On Wednesday a spokesman for the Foreign Ministry, Mikhail L. Kamynin, said that it was important to "grasp nuances" in Iran's lengthy written response and that Russia would continue to use its influence with the Iranians.

Urging the Bush administration to "grasp nuances", especially over a matter as important to them as attacking Iran, is like asking an alcoholic to begin a 12-step program on New Year's Eve.

Friday, August 25, 2006

U.S. Cracks Down On Hezbollah TV Provider In NYC

Additional evidence (as if any more is needed by our readers) that the wars of the 21st century will be fought with increasing emphasis on information operations.

A New York man was arrested yesterday on charges that he conspired to support a terrorist group by providing U.S. residents with access to Hezbollah's satellite channel, al-Manar.

Javed Iqbal runs HDTV Corp., a Brooklyn-based company registered with the Federal Communications Commission that provides satellite television transmissions to cable operators, private companies, government organizations and individual customers.

According to an affidavit made public yesterday in U.S. District Court in New York, a paid FBI confidential informant told law enforcement officials in February that Iqbal's company was selling "satellite television service, including access to al-Manar broadcasts." The informant then had a recorded conversation during which Iqbal offered al-Manar broadcasts along with other Arab television stations.

The U.S. Treasury Department in March designated al-Manar a "global terrorist entity" and a media arm of the Hezbollah terrorist network.
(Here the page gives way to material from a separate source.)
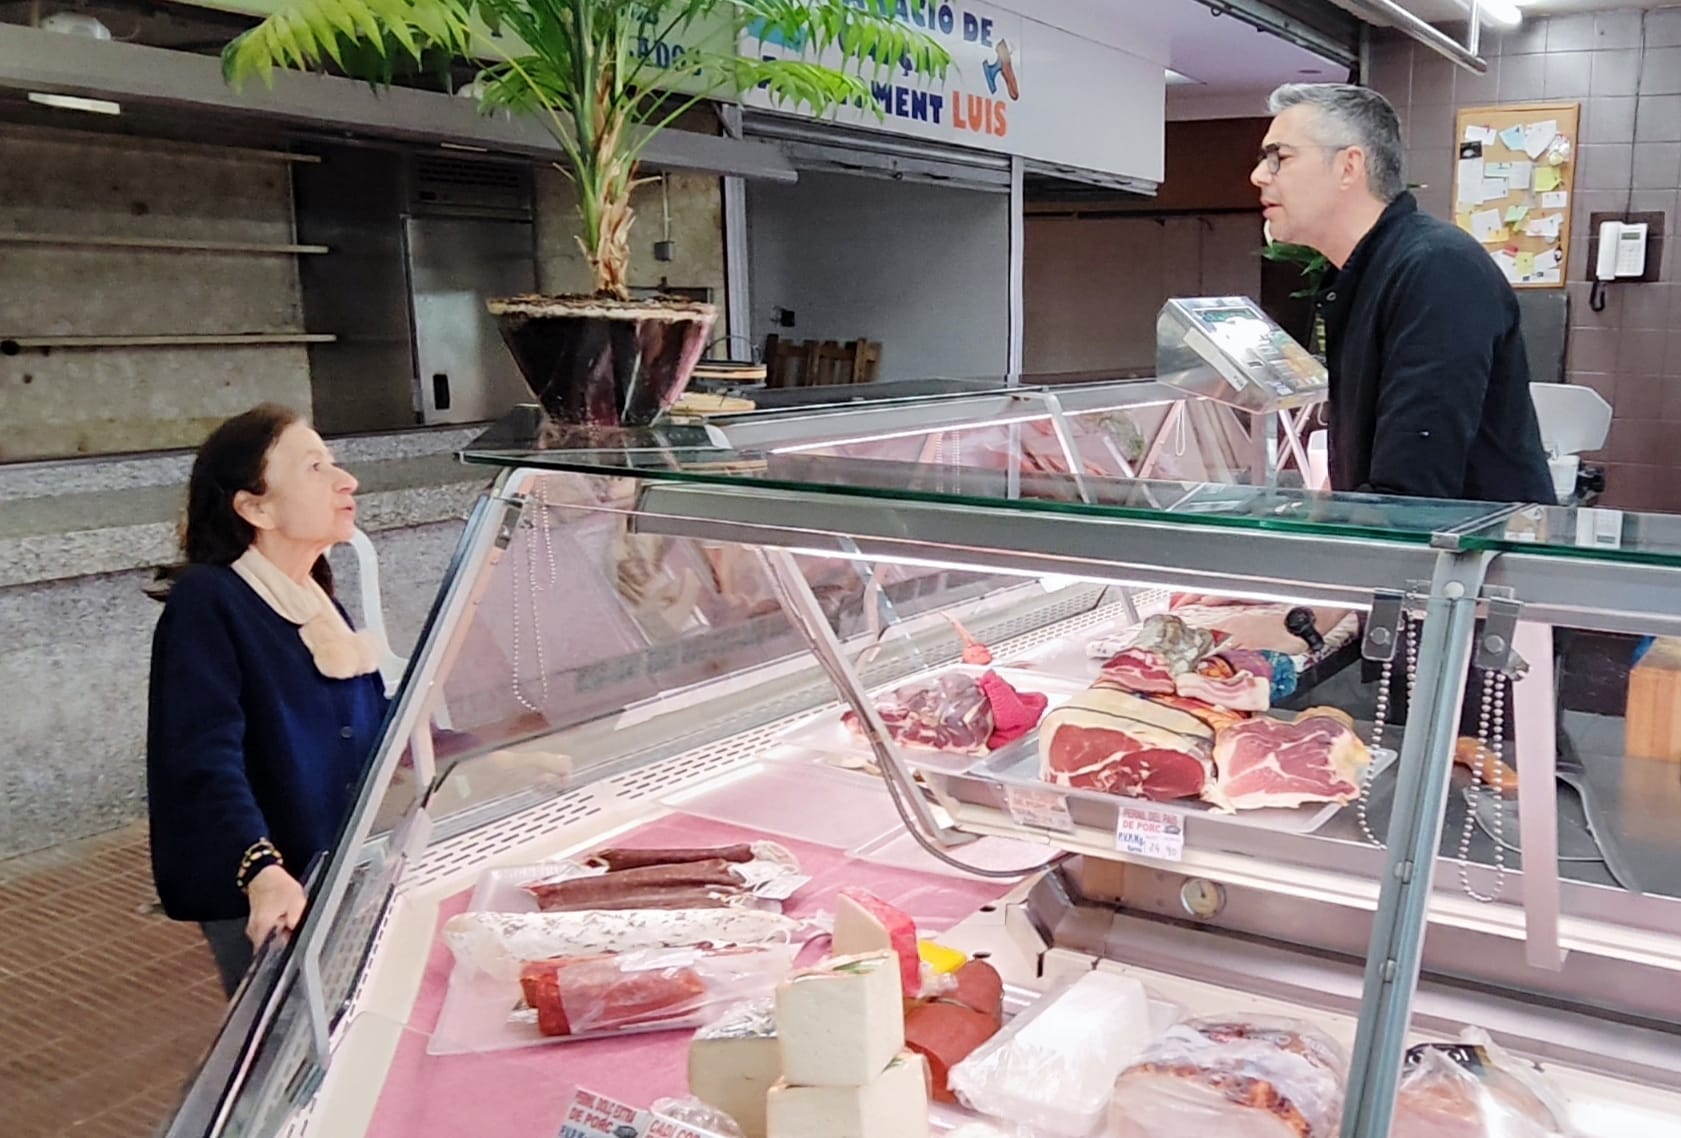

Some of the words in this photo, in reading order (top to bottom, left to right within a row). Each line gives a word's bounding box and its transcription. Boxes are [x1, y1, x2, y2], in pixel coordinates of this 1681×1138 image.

The designation froze al-Manar's assets in the United States and prohibited any transactions between Americans and al-Manar.

Iqbal's attorney, Mustapha Ndanusa, said yesterday that the accusations against his client are "completely ridiculous," according to the Associated Press. Ndanusa added that he is not aware of another instance in which someone was accused of violating U.S. laws by enabling access to a news outlet.

This episode is important in that governments are starting to find it harder to sell hare-brained military pursuits to their citizenry in the wired world. Without a population that is complacent when faced with the idea of fighting unprovoked wars, those urging such actions quickly lose political traction, and the enterprise becomes unworkable.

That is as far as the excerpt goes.